Hold Your Horses By applying a rigorous set of standards it's possible to separate sport from shinola

Now that 60 Minutes has finally discovered that ballroom dancing
is in line to be an Olympic sport, we expect dispatches from
other, more distant outposts telling us that belly dancing may
likewise become a medal event at some point in our near, and no
doubt dance-tastic, future.

This is an article from the Feb. 21, 2000 issue Original Layout

Times change, certainly, even if Morley Safer's taste for gingham
dress shirts doesn't, and dance redefined as sport is only one of
the goofy ideas we'll be asked to choke down in an ever more
illuminated and inclusive New Age of Athletics. Dance is
exhilarating, of course, and requires stamina and training
whether performed as ballet or tap or tango. Ceremonial or
celebratory, dance is many things. Sport is not one of them.

Television, always lurking when society decides to lower the bar
onto its own head, further blurs the definition of sport in one
portentous, slow-motion commercial that asks, in essence, "Are
you an athlete if you sit around watching portentous, slow-motion
TV commercials?" Its implied answer is a heartfelt yes, thereby
making us feel pretty darn good about our fat, lazy, unathletic
selves.

But if everything is a sport, then nothing is a sport; if
everyone is an athlete, no one is an athlete. How then do we
separate sport from shinola--to say nothing of recreation,
entertainment, divertissement, pastime, game or vernal frolic?
Ask yourself these simple questions:

Is it run by Mr. Vince McMahon? Then it's not a sport.
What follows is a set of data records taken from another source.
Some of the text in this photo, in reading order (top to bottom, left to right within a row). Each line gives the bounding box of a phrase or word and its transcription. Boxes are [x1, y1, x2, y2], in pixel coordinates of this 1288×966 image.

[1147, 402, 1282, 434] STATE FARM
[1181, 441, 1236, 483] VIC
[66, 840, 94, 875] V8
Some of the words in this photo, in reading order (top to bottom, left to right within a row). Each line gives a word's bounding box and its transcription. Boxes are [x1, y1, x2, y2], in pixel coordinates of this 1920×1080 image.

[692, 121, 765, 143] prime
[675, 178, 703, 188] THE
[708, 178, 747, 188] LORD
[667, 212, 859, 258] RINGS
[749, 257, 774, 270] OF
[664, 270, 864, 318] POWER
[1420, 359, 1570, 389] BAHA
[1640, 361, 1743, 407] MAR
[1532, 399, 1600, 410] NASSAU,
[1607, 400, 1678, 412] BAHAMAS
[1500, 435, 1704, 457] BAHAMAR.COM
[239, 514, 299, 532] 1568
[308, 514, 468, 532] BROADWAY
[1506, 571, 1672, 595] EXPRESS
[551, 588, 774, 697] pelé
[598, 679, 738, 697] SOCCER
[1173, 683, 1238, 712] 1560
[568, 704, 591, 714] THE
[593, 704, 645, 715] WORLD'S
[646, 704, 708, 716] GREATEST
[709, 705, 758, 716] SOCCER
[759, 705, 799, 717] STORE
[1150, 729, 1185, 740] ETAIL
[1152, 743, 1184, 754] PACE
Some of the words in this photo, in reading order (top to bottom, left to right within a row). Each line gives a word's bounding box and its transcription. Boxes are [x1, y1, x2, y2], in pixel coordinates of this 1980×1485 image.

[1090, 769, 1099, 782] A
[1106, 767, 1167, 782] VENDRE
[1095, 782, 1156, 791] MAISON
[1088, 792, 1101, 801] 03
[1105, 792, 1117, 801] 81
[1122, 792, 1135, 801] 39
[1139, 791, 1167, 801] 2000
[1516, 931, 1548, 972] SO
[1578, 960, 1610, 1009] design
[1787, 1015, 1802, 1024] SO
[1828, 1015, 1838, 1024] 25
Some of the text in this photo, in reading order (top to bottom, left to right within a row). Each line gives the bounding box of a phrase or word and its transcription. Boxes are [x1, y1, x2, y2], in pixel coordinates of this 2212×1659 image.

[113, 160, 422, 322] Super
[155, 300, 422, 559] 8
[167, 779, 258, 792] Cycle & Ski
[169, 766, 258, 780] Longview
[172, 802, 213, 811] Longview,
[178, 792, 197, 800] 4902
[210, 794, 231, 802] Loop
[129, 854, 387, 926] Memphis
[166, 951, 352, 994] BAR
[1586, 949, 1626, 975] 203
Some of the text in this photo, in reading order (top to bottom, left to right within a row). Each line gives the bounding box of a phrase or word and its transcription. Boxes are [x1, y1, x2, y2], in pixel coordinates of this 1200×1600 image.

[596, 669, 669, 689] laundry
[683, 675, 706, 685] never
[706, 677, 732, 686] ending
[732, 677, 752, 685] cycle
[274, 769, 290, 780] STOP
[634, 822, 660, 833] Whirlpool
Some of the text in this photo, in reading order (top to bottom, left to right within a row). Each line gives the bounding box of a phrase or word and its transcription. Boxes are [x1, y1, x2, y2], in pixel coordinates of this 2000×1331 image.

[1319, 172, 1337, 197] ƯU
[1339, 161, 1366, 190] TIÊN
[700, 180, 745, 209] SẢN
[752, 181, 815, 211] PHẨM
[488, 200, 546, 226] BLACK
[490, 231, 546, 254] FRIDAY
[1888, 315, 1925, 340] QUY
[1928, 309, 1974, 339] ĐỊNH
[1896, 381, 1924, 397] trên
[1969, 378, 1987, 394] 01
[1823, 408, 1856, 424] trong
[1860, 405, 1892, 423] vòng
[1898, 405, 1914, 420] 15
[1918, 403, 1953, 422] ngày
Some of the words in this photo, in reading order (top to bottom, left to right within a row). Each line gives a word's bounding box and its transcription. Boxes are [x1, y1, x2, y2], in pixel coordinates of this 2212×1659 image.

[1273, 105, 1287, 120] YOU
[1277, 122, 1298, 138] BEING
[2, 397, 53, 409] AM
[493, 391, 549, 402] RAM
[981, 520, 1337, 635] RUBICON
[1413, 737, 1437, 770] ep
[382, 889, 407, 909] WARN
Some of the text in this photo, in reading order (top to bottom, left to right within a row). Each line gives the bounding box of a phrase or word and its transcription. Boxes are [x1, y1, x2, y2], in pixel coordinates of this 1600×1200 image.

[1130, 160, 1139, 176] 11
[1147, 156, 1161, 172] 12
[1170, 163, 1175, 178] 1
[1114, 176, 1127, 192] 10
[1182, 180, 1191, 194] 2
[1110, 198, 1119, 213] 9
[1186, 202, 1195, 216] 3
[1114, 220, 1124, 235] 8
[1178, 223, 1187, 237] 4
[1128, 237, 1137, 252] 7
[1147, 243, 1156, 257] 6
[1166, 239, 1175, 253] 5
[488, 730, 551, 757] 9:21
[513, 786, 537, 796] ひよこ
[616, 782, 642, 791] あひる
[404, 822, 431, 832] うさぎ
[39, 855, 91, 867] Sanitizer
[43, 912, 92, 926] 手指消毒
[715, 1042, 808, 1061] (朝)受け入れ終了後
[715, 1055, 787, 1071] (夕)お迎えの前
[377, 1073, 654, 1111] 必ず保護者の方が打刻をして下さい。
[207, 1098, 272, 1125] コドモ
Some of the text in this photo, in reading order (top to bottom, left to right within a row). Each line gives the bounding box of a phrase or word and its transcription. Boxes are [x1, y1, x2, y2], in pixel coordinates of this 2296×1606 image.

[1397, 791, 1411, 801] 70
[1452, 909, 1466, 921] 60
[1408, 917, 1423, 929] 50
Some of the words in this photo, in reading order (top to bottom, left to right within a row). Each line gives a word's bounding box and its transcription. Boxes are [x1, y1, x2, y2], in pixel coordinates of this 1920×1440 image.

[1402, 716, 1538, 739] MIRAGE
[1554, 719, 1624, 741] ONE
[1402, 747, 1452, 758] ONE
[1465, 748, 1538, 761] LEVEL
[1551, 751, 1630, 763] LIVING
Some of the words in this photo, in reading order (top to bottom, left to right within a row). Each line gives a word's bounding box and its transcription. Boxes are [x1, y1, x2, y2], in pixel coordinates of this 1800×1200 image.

Is it only good when set to music (or is music required during
the performance)? If so, not a sport. Sadly, though it eliminates
such things as halfpipe snowboarding, extreme Rollerblading and
those ersatz "fitness" championships, this also spells the end of
figure skating and rhythmic gymnastics. My apologies to Dick
Button, but you folks would have been bounced for the sequined
outfits anyhow.

As a corollary to the above, is the enterprise in question
comprehensible only in slow motion and when edited to the guitar
break from Purple Haze? Then it's not a sport, it's freestyle
wakeboarding.

Is there a vehicle involved? Do participants ride in, on or
behind something? Say goodbye to hill climbs, tractor pulls,
NASCAR, the Iditarod, chuck-wagon stampedes and the Senior PGA.
We'll lose the Tour de France but also the John Tesh elevator
symphony that accompanies the coverage. Call it a wash.

Does gravity do all the work? Bobsled, luge, etc.--out. Does the
horse do all the work? Rodeo, dressage and horse racing--nay.

Can you do it in street clothes? If you can wear the uniform out
to dinner, forget it. Goodbye bowling, goodbye golf.

Are you constantly being encouraged to smoke and drink while
playing? See previous.

Do you need special high-tech shoes? Sport. Special
patent-leather shoes? Nope.

How bad are the participants' haircuts? Hair bad enough to put
out an opponent's eye means gen-u-ine sport. (If the players wear
protective headgear, try this: How bad are the fans' haircuts?)

Does it require players to utter the word "shuttlecock?" Nah.

Is there a cult to the unnecessarily expensive equipment? Skiing,
fly-fishing and the America's Cup are about catalog shopping, not
sport.

Is there a separate "celebrity tour"? Is Joe Pesci on it? This is
the opposite of sport.

Can you be hurt? Sport. Can you be killed? Sport. Can you be left
feeling better about yourself and the life choices you've made?
Oprah.

Does it involve a Frisbee, a Hacky Sack or a gun? Be serious.

Finally, can you make millions of dollars when you turn pro? If
yes, then it is no longer a sport, it is televised entertainment.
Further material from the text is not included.